На все готов «усердник», лишь бы Остерману услужить! Стали они трудиться на пару. Два Ивановича тащили под топор разных там Петровичей, Михайловичей и Федоровичей… Трижды прав юродивый Тимофей Архипыч – таким людям хлеба не надобно!
А из отдаления древности звучало: «Дин-дон… дин-дон… царь Иван Василич!»
Приплелся во дворец старый, опытный шут Иван Балакирев. Было в жизни шута всякое, и устал он от жизни беспокойной. Балакирев уже побывал в зубах Тайной канцелярии, на одном лишь юморе из-под кнута палачей выскакивал. Но теперь… хватит!
– Матушка, – стал он просить императрицу, – деревеньки мои захудалы больно, отпусти ты меня родину повидать.
– Уедешь, а кто меня потешать станет?
– Матушка, да я еще веселее вернусь обратно…
Она его отпустила.
– До деревень и – обратно! – наказала.
Балакирев спешно узлы увязал, сундуки набил, погрузил добро на телегу. Уселся рядом с мизерной женой и взмахнул кнутовищем над лошадьми. Это было бегство. Балакирев даже дом в Петербурге бросил. Он понимал, что с делом Волынского заплачет по топору и его шея… Умный человек, он скрылся навсегда в глуши провинции. С этой весны 1740 года о Балакиреве – ни слуху ни духу. Больше в столице его никогда не видели. Даже год кончины шута остался для истории неизвестен.
Но сохранились смутные предания, будто Балакирева еще в царствование Екатерины II видели в Касимове… Старый уже, но веселый, с трубкою в зубах, он сидел возле дома в валенках, сушил свои кости на солнце среди громадных касимовских лопухов… А по улицам, наверное, проходили офени и торговали лубки красочные, на которых Балакирев был изображен молодым и отчаянным, с балалайкой в руках, пляшущим…
Слава о нем дошла и до дней наших!
Глава десятая
Волынский взял с собою в крепость из золотых вещей только часы, табакерку, кольцо, червонец и три запонки. Из серебра с ним было – кувшин, поднос, три ложки, два ножика и солонка. Из одежды взял шубу (овчина под сукном), два тулупа, чтобы не мерзнуть в камне, штаны атласные, балахон канифасный. Повез в каземат одеяло камчатное, пуховик, три подушки и бельишко нижнее. Расположась в камере, он кашу себе сварил…
Волынский двояким перед Комиссией уже побывал. Один гордец заносчивый, еще не веривший в закат своей судьбы. Другой в ногах у судей валялся, руки палачам лобызал. Те игрушки отныне кончились. Появился третий Волынский – самый непритворный, самый подлинный, который знал, что пощады ему не будет. И вот теперь Артемий Петрович выпрямился! Этот Волынский – третий – заговорил языком уже свободным, правдивым, поспешным. Был язык его порою крамольным, иногда даже богохульствующим.

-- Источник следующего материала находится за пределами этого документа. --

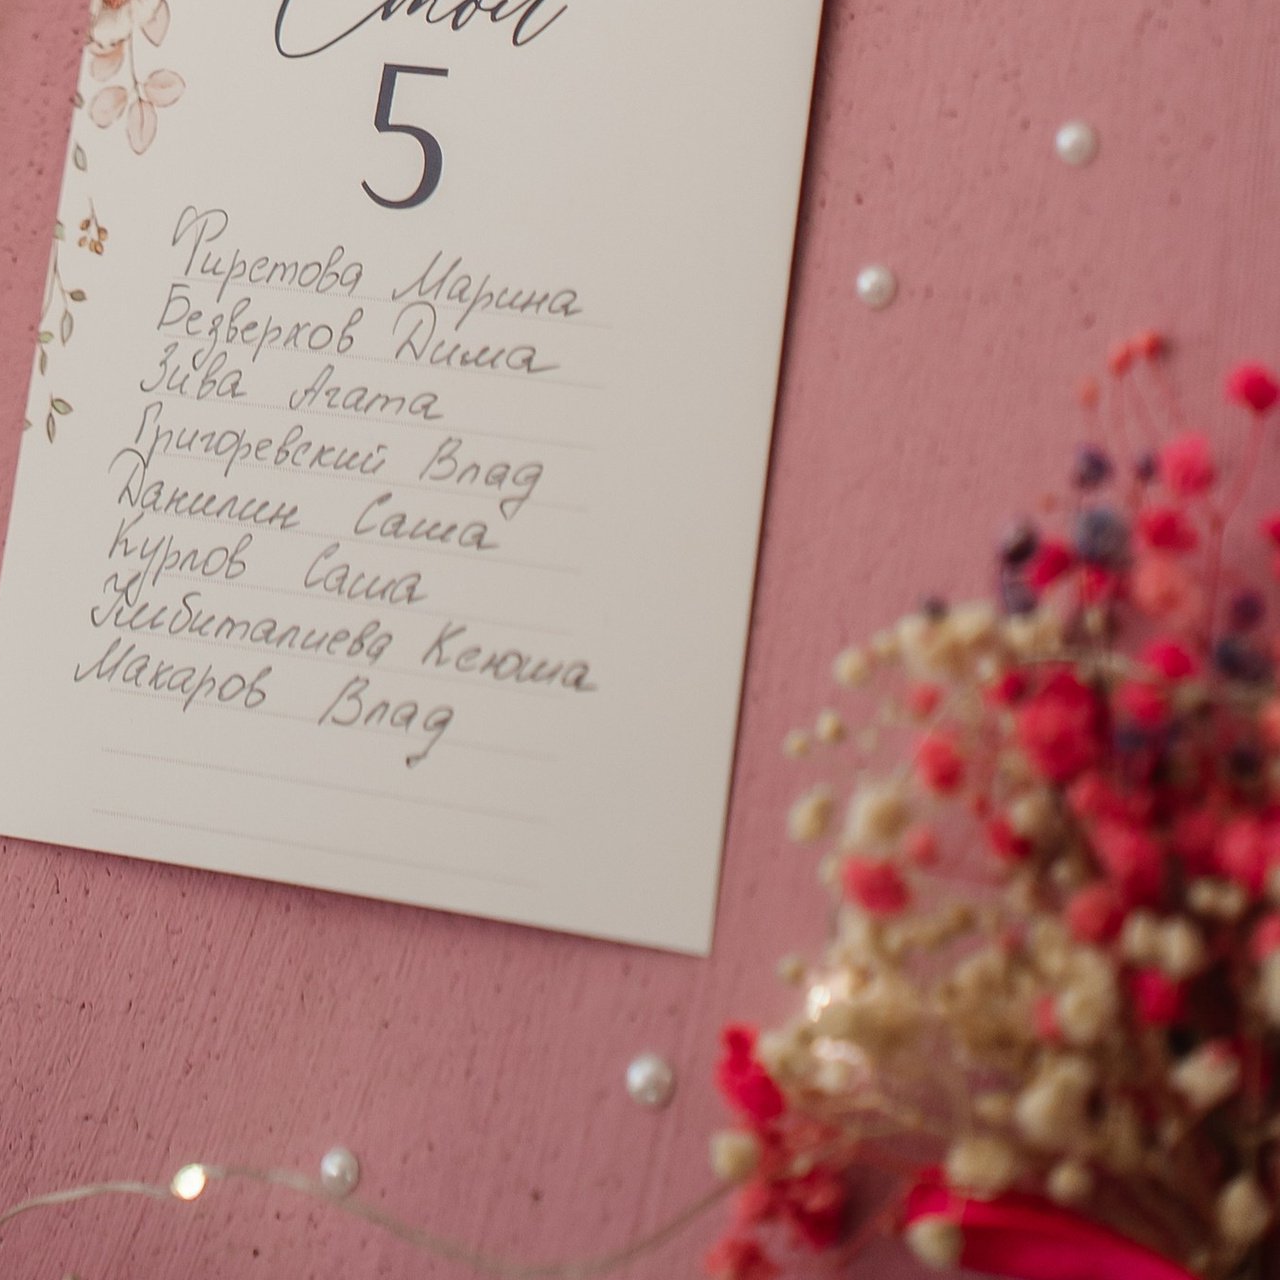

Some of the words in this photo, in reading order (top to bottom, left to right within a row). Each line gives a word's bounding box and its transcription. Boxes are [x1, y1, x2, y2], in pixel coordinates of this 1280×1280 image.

[361, 62, 449, 210] 5
[158, 282, 364, 370] Безверхов
[395, 301, 560, 374] Дима
[392, 250, 584, 331] Марина
[289, 364, 444, 420] Агата
[108, 448, 300, 532] Данилин
[354, 493, 501, 551] Саша
[135, 401, 388, 477] Григоревский
[419, 438, 544, 520] Влад
[304, 542, 428, 606] Саша
[74, 638, 272, 712] Макаров
[318, 675, 455, 768] Влад

– Теперь мне самый конечный конец пришел, и оттого единой правды от себя потребую…
Детей было ему жаль! Одни останутся. Не знали ласки материнской – отнимут у них и отцовскую. Да хоть бы и так, что одни, это еще ладно. А то ведь замучают их, гляди. Анна Иоанновна считала, что дети повинны за грехи родителей своих. Вместе с деревом она и плоды губила, в землю их втаптывая…
Ушакову при свидании Волынский прямо заявил:
– Ты перестань, генерал, о долге и присягах болтать. В застенке этом, где никто нас не слышит, я ведь много могу сказать… Вот послушай: иностранцев изображают у нас, яко великих пополнителей интересов России. А на самом-то деле они вникнули в народ наш подобно гадам ядовитым. Наемщики сии платные вгоняют народ российский в оскудение и погибель… Неужели ты, русский, смолоду нищету темную познав, никогда о нуждах России не помучился? Неужто не стало тебе хоть единожды больно за народ свой страдающий? Нет, не страдал ты… не стать тебе гражданином!

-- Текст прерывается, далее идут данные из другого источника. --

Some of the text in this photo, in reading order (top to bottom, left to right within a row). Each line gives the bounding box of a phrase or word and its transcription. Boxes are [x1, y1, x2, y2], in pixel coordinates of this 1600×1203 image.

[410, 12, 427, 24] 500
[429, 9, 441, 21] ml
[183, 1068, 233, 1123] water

И прямо в лицо инквизитору смеялся он:
– Погубить ты меня способен. Но никогда не сможешь ты слова мои до императрицы донесть. На это смелость нужна…

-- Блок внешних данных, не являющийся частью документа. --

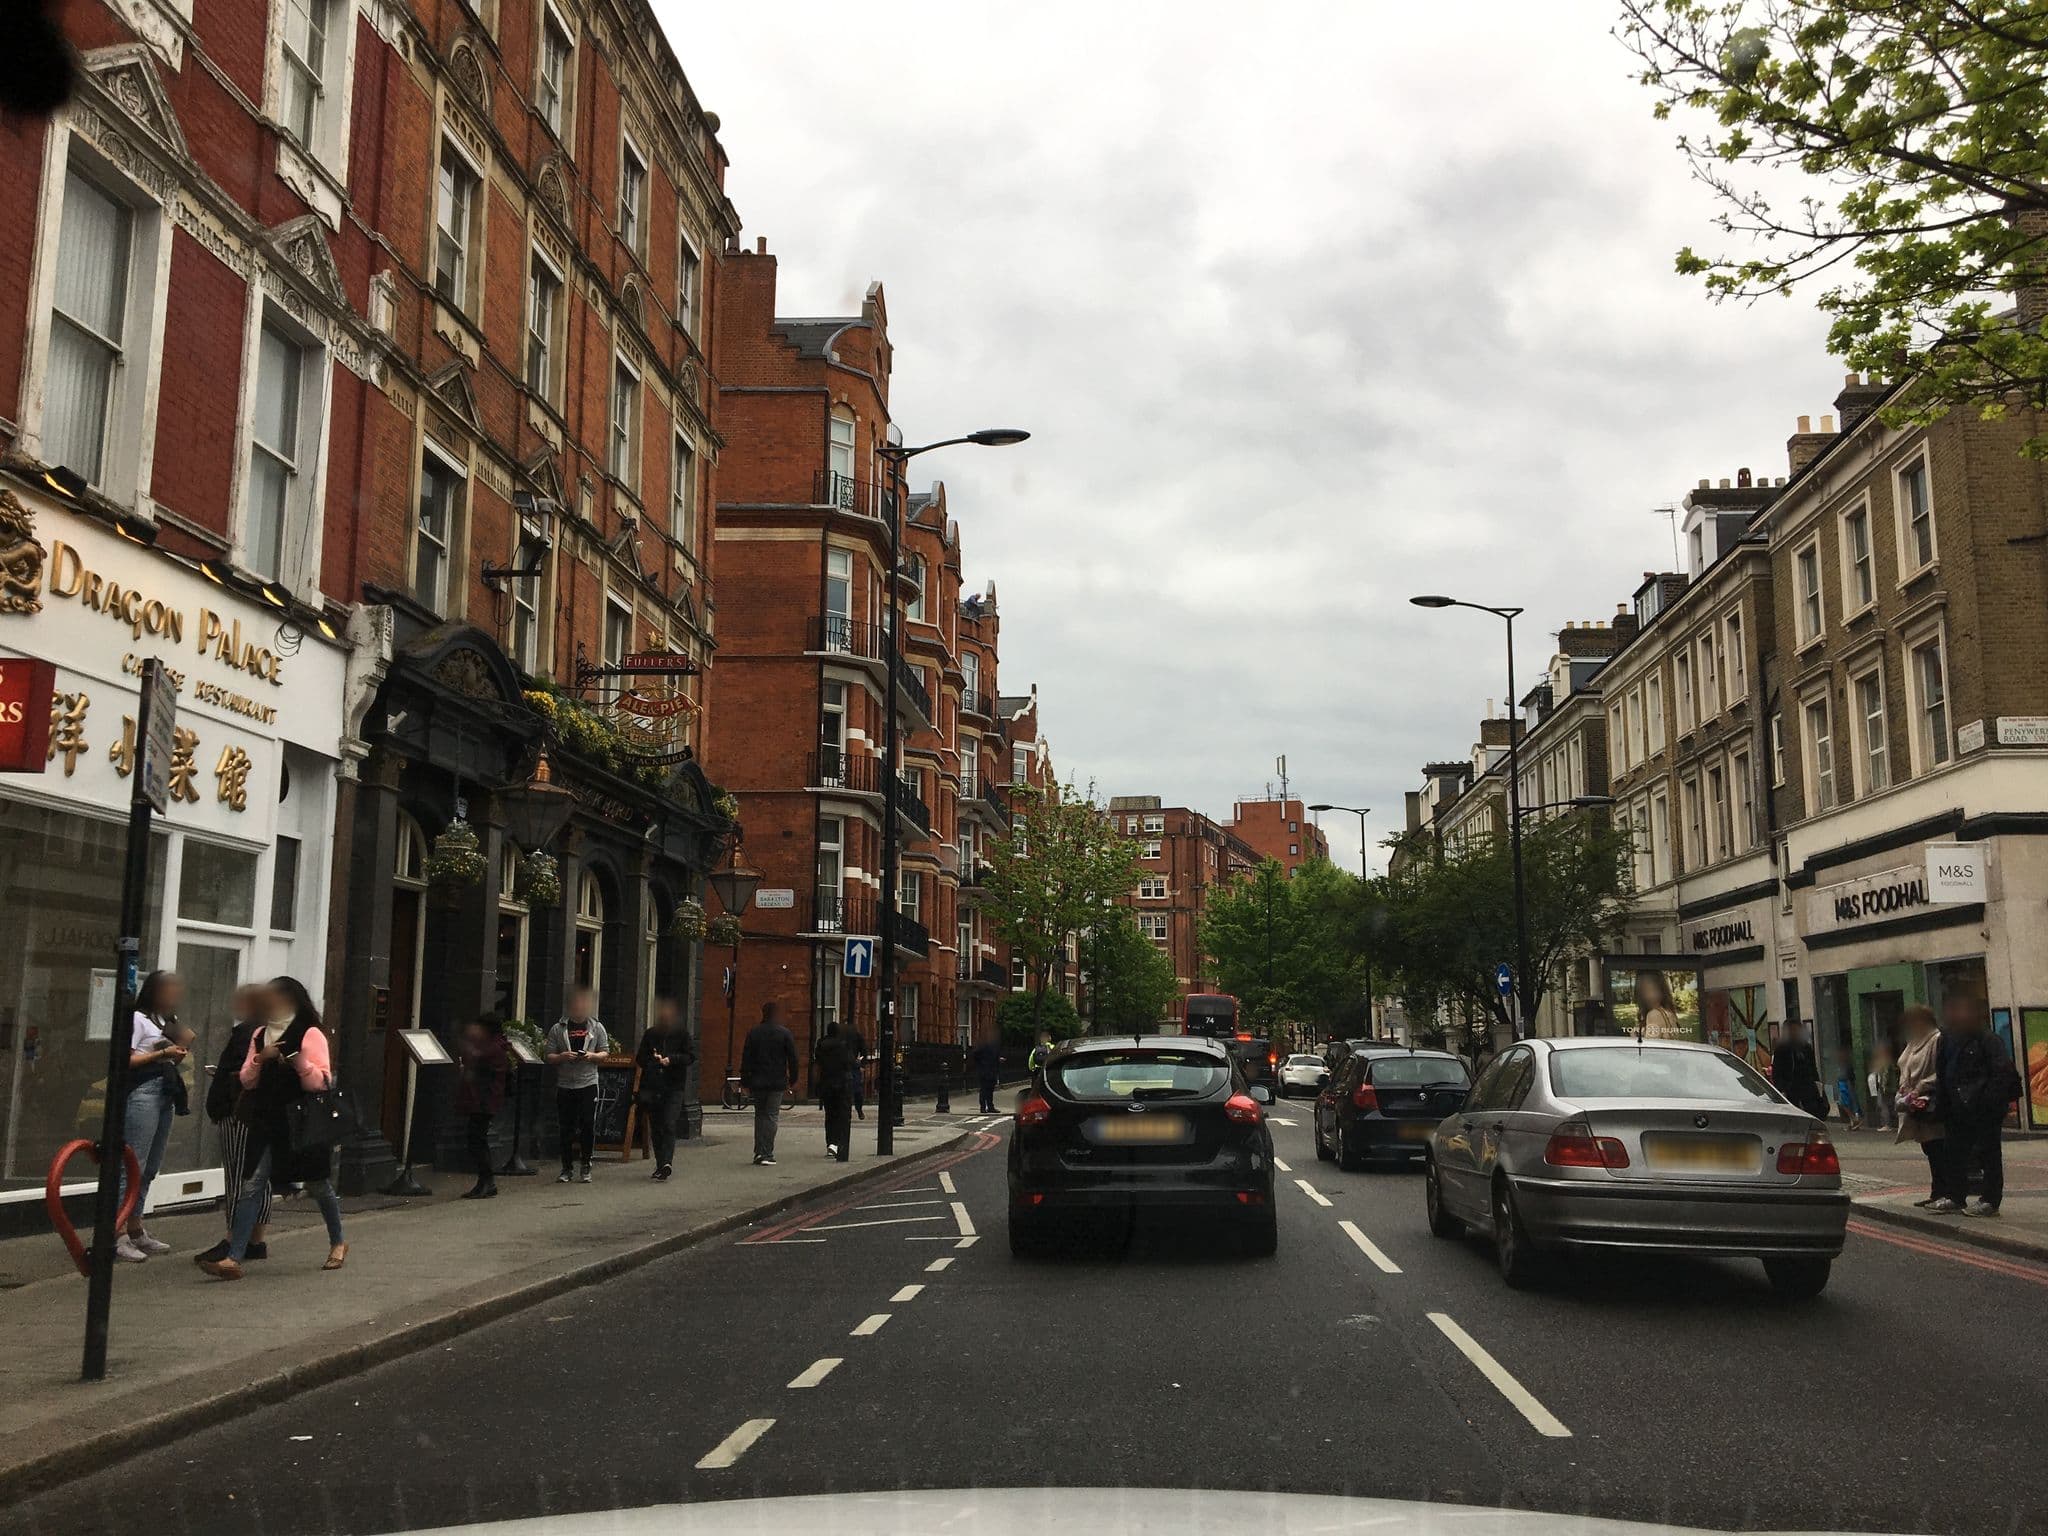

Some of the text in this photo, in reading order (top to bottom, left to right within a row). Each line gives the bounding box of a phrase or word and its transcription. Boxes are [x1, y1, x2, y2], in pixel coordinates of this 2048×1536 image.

[2004, 728, 2048, 736] PENYWER
[1939, 865, 1973, 878] M&S
[1862, 879, 1929, 915] FOODHAL
[1205, 1016, 1215, 1025] 74

Ушаков притих. Нет, не смог бы он!
– А вот я, – закончил Волынский, – я умру гражданином…
И шагнул он к дыбе ногою легкой:
– Пытай… Только напрасно все это. Ну, больно станет. Орать я буду. А правду теперь и без пыток говорить стану. Одна лишь просьба у меня: убери с глаз моих Ваньку Неплюева – не могу рожи его хамской видеть! Это не он, а Остерман глядит на меня…
Так рассуждать – смерти уже не бояться!
А весна брала свое. Резво бежали воды вешние по рекам и каналам столичным, хорошо пахло… Дыхание весны сочилось и в закут камеры, где Кубанец строчил исправно: «…а еще вспамятовал и всеподданнейше доношу…» По ночам крики слышались, возня сторожей, железные грохоты засовов темничных. Начинались истязания, волокли несчастных на дыбу, на огонь…
В казематах слышали, как Волынский кричал иногда:
– У-у, татарская морда! Я ли тебя не вскормил? Не я ли тебя в люди вывел? Будь проклято доверие мое к тебе…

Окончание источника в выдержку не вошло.